These measures can also be combined with one another.
In particular when it is not possible (e.g. if very many sample withdrawal zones are present) to ensure the desired retardation by using equally large volumes, it is recommended that the flow cross-section should be reduced on one or several transport paths or to place hydrophobic barriers.
The shorter distance between sample application point and sample withdrawal zone, the larger the effected retardation has to be. If the shortest distances between various sample withdrawal zones and the sample application point are of equal length, then the effected retardations must also be of approximately equal magnitude on all transport paths.
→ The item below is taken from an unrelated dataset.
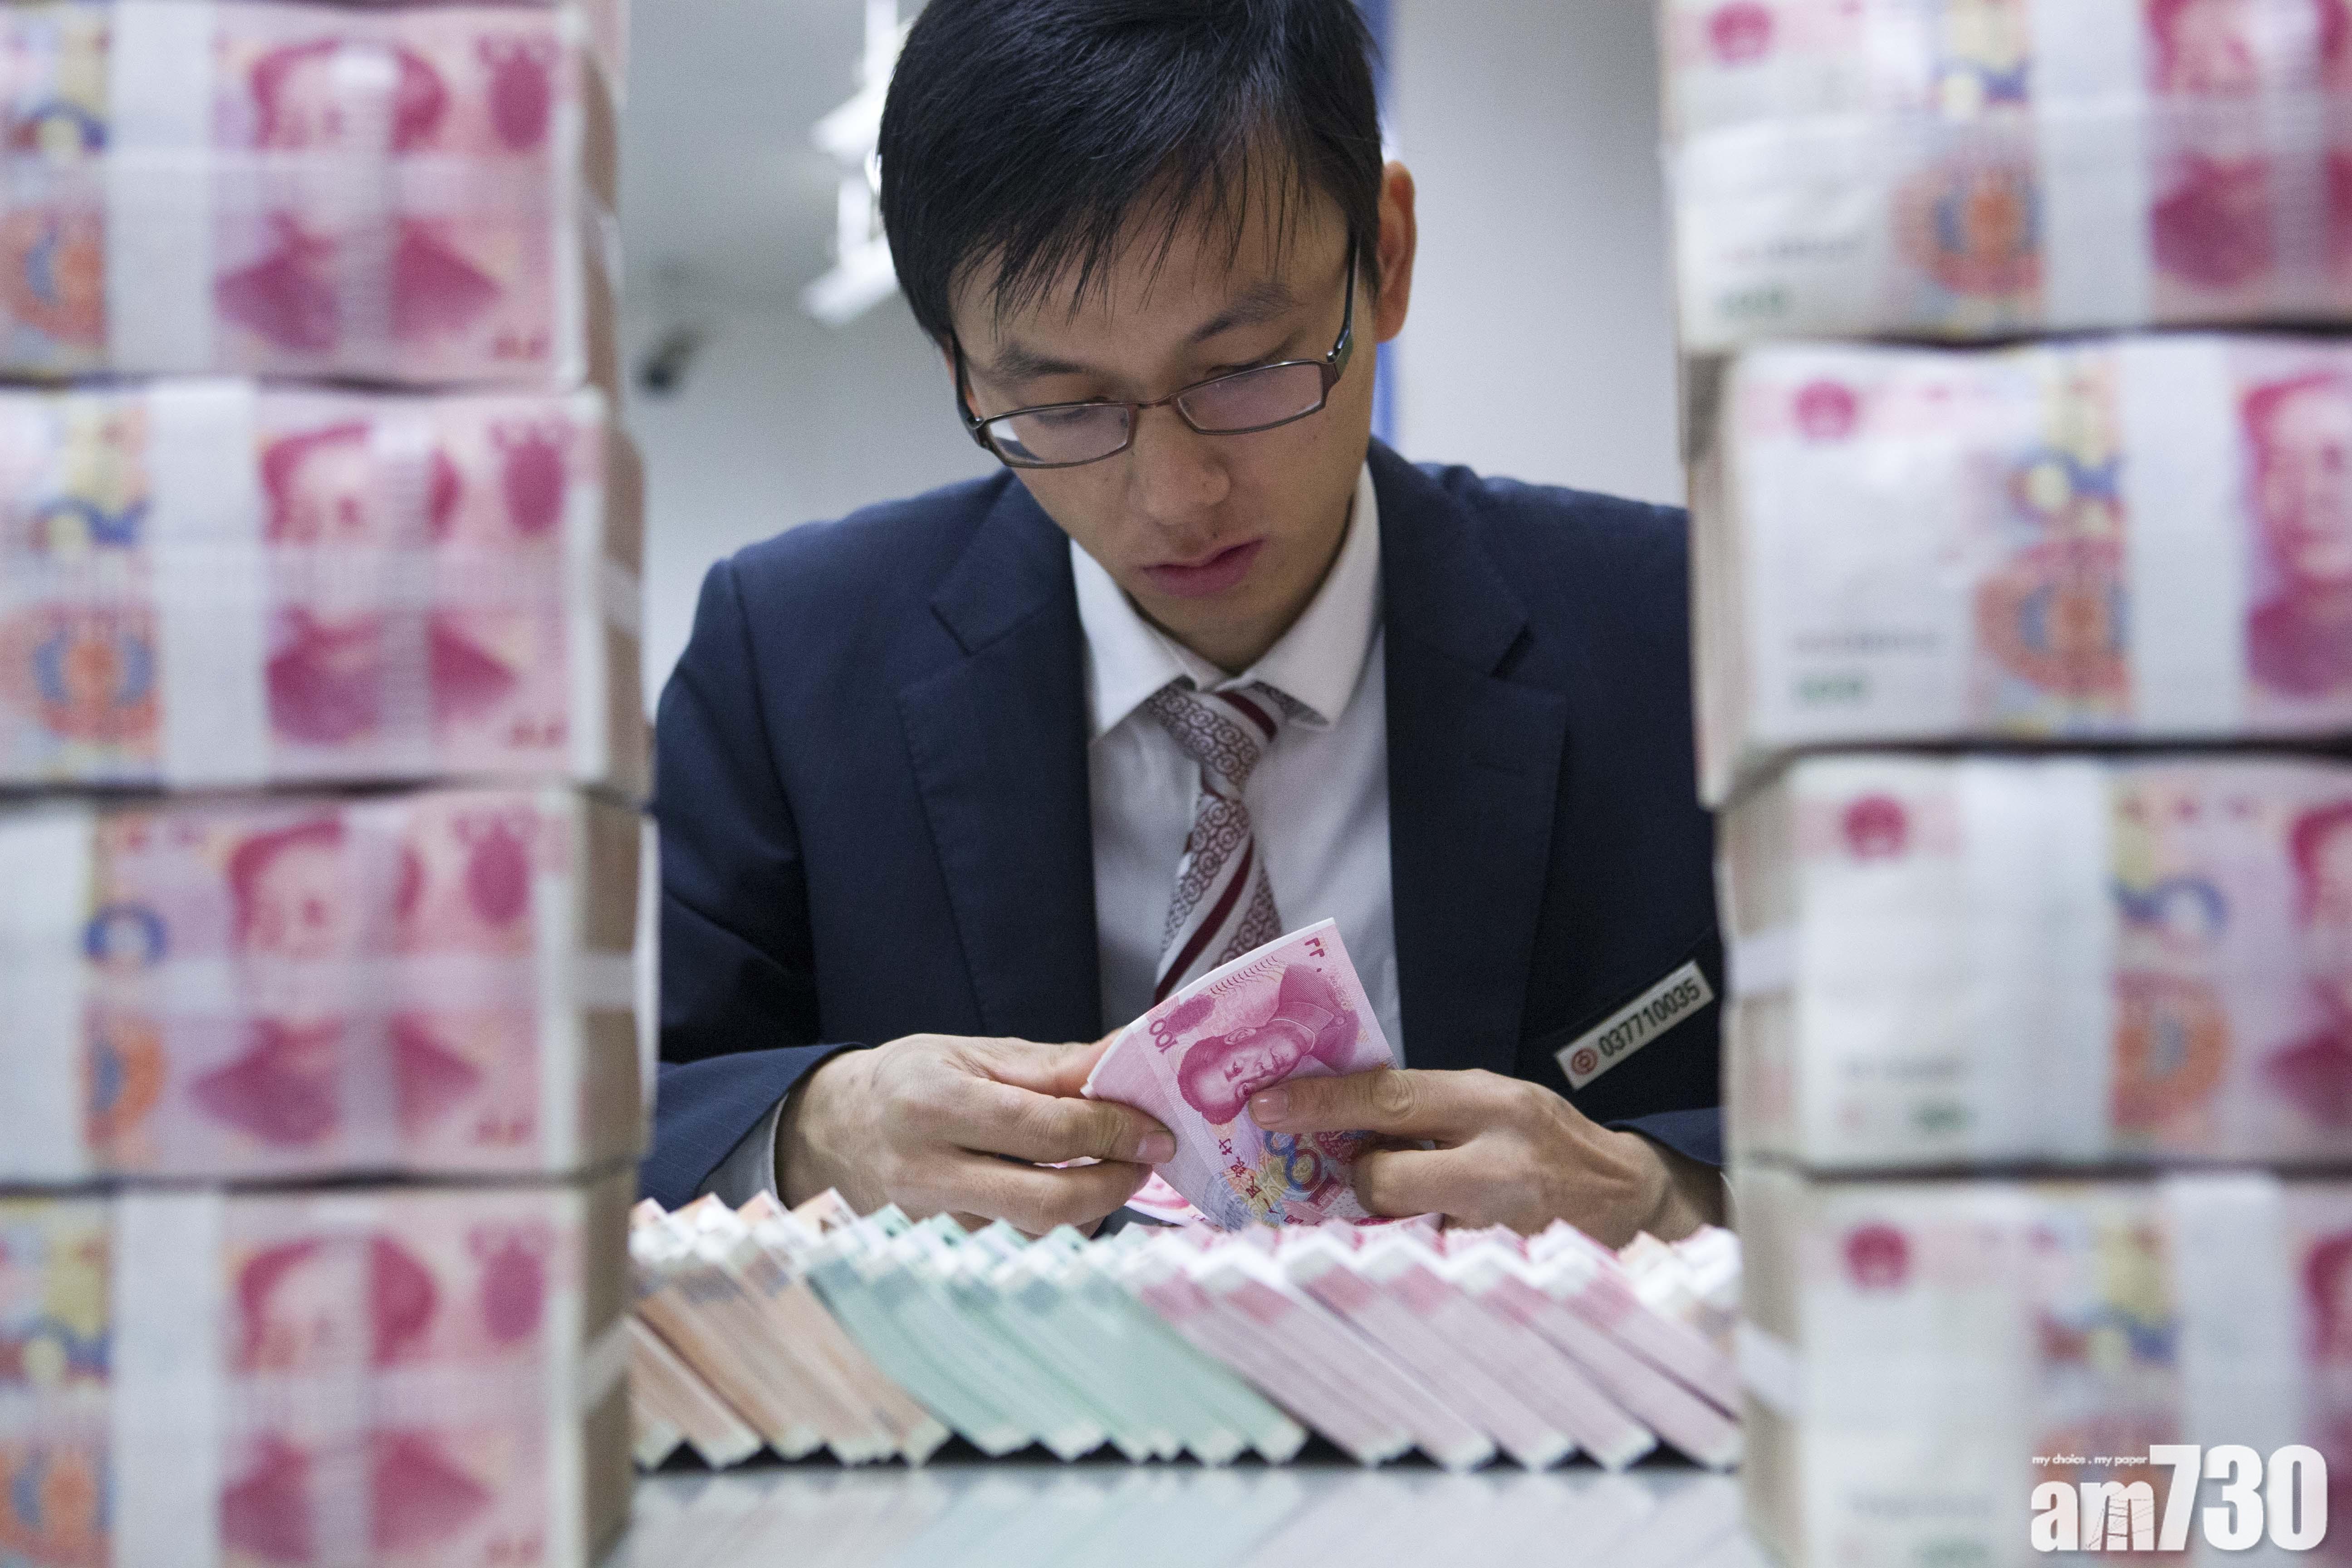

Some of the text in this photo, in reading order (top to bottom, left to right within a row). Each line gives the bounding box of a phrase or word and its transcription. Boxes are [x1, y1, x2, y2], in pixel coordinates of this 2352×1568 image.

[1150, 1018, 1178, 1055] 100
[1599, 977, 1700, 1058] 037710035
[1218, 1138, 1323, 1225] 国人民银行
A test element is understood as a means to detect the presence or the amount of an analyte by which means preferred elements are constructed in the manner of test strips. This means that they have a supporting foil on which absorptive materials are attached on which the reagents that are necessary for the test are applied. Such a test element is described for example in EP-A-0 374 684. When such a test element is contacted with the sample withdrawal zone this is preferably achieved via a zone of the test element which does not yet contain any reagents. If it is intended to use a test carrier according to EP-A-0 374 684 for the determination of an analyte the start zone 21 described in this application is contacted with a sample withdrawal zone 4 of the device according to the invention. In order to determine several analytes simultaneously, as many test elements are contacted with the sample withdrawal zones as the number of determinations which are necessary.
An advantage of the device according to the invention is that a flooding of the test elements with sample liquid is avoided by the retardation zones. In addition the simultaneous contacting of the test carriers with the sample liquid has the effect that no reagent carrier receives more liquid than another. Since in order to reliably carry out determinations it is often necessary to read a signal from the test element within a certain time period after contacting the test element with the sample liquid, the fact that the liquid front reaches all sample withdrawal sites at the same time according is a major advantage of the present invention. Another effect of the simultaneous arrival of the liquid is that the test elements for different analytes do not necessarily have to be mounted in the device in an order matching the respective sample withdrawal sites, but rather that they are interchangeable. This is of particular importance in the case of determinations in which the users can themselves carry out determinations as required. A further advantage of the uniform wetting is that test elements for the determination of several analytes can be arranged in profiles as required. Thus by using appropriate test elements the device according to the invention can for example be used either to prepare a kidney function profile i.e. determine several analytes that are characteristic for kidney function or a drug profile e.g. the determination of several common drugs (drugs of abuse). The device according to the invention can therefore be sold in a form in which the test elements are already connected to the sample withdrawal zones e.g. by inclusion of the test elements in the housing or can be sold in a form in which the housing together with the sample application zone, the transport path and the sample withdrawal zone is one component and a number of test elements are in another container and can be inserted into the housing by the person who wishes to carry out the analysis.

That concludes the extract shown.